- Work task -
Give the data below again exactly as it stands. Omit the pictures.

··········

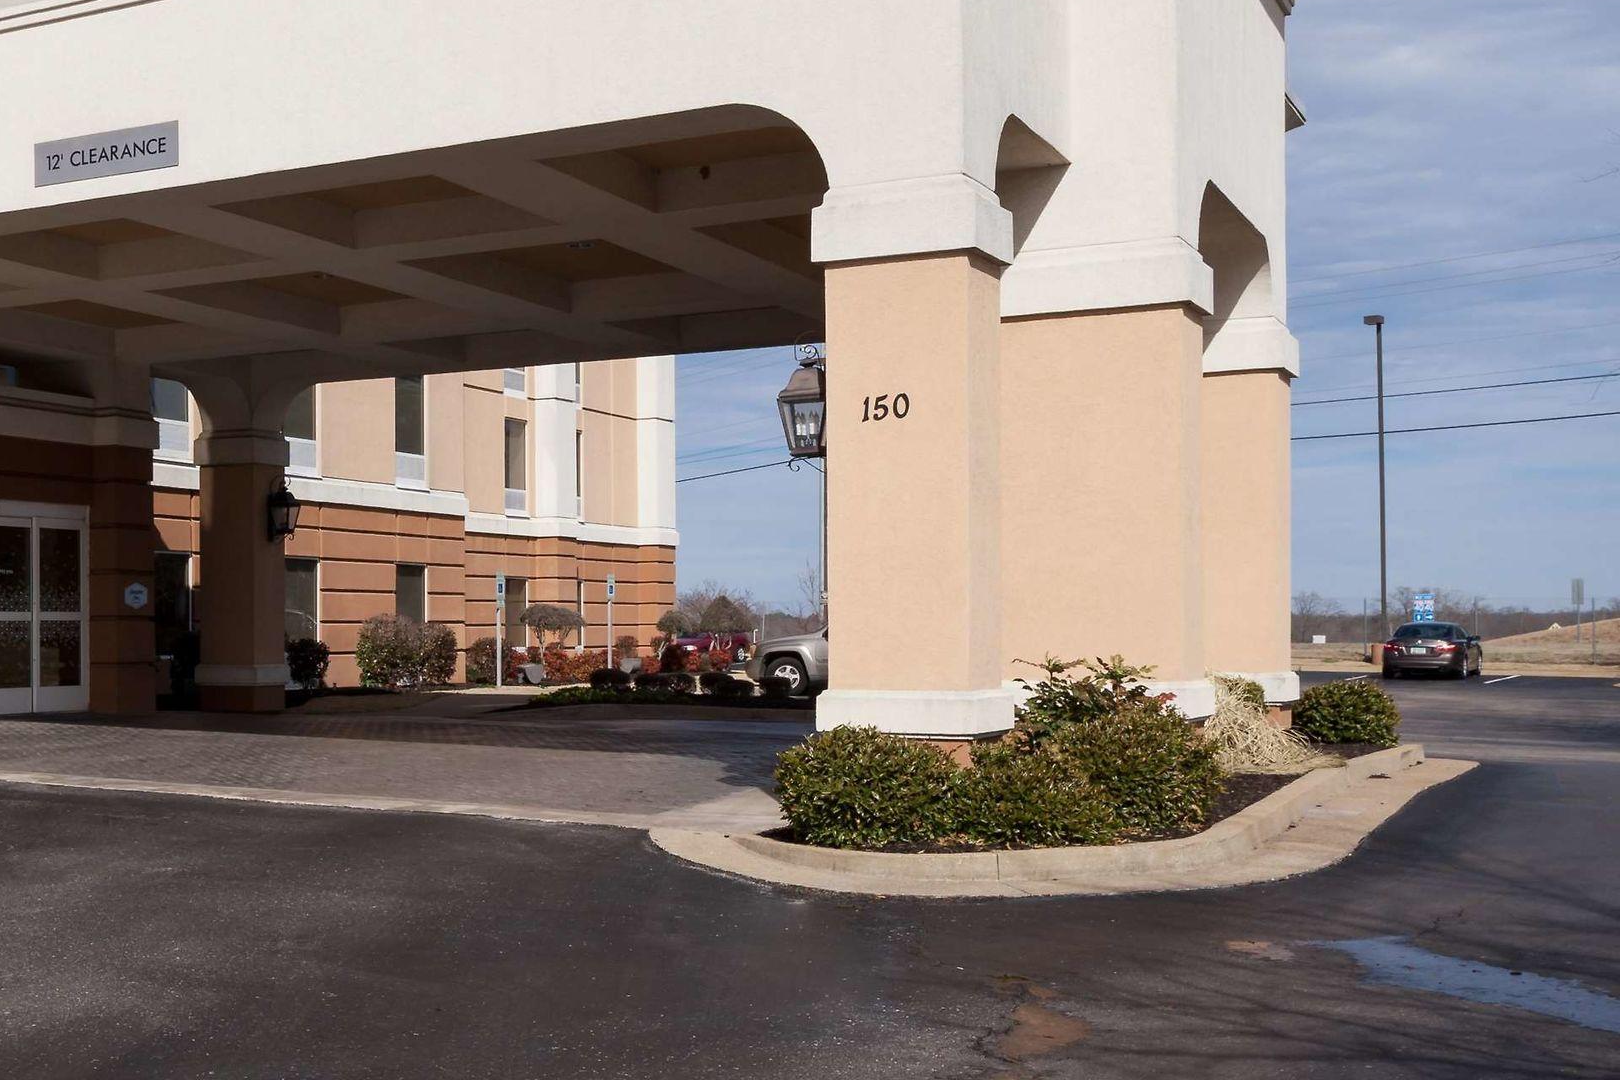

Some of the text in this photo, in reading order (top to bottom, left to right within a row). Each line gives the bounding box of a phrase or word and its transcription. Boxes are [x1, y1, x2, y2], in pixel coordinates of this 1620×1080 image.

[46, 136, 167, 171] 12' CLEARANCE
[862, 392, 910, 423] 150
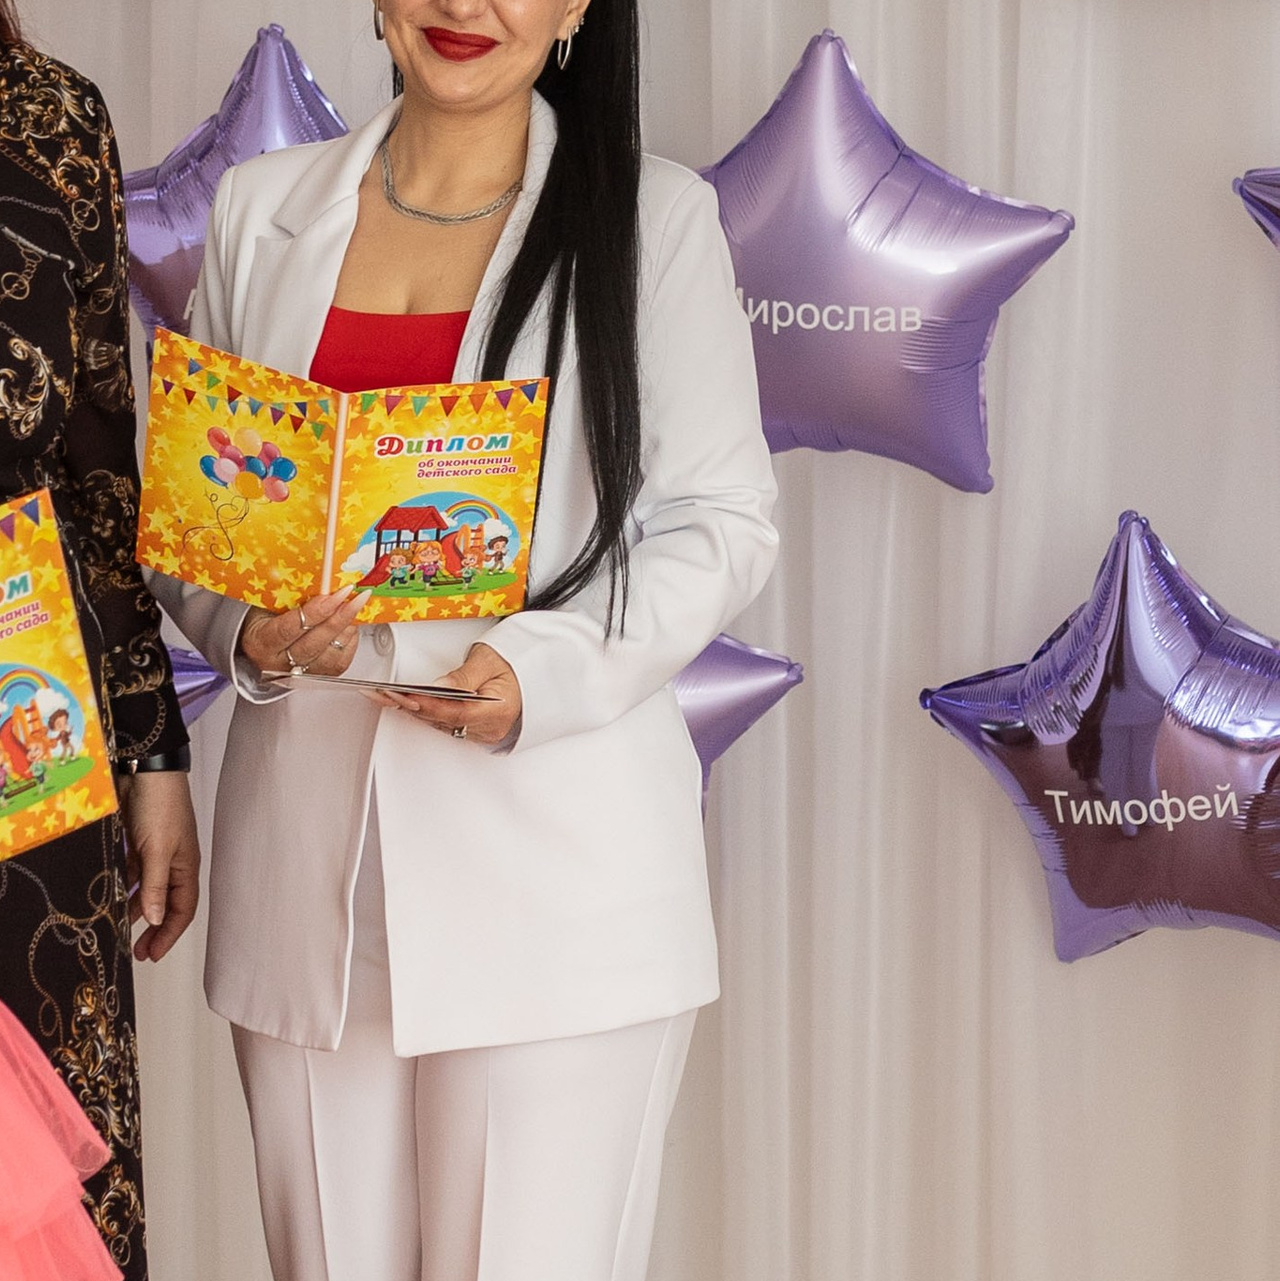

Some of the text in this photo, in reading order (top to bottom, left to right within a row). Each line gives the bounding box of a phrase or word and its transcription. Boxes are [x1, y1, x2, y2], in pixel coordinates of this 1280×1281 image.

[736, 287, 922, 335] ирослав
[376, 433, 511, 457] Диплом
[417, 464, 517, 478] детского сада
[418, 456, 512, 469] об окончании
[15, 611, 49, 632] сада
[1043, 783, 1239, 832] Тимофей

··········

- Answer below -
Some of the text in this photo, in reading order (top to bottom, left to right within a row). Each line gives the bounding box of a phrase or word and its transcription. Boxes are [x1, y1, x2, y2], in pixel coordinates of this 1620×1080 image.

[46, 136, 167, 171] 12' CLEARANCE
[862, 392, 910, 423] 150

Some of the text in this photo, in reading order (top to bottom, left to right within a row). Each line gives the bounding box of a phrase or word and its transcription. Boxes are [x1, y1, x2, y2], in pixel coordinates of this 1280×1281 image.

[736, 287, 922, 335] ирослав
[376, 433, 511, 457] Диплом
[417, 464, 517, 478] детского сада
[418, 456, 512, 469] об окончании
[15, 611, 49, 632] сада
[1043, 783, 1239, 832] Тимофей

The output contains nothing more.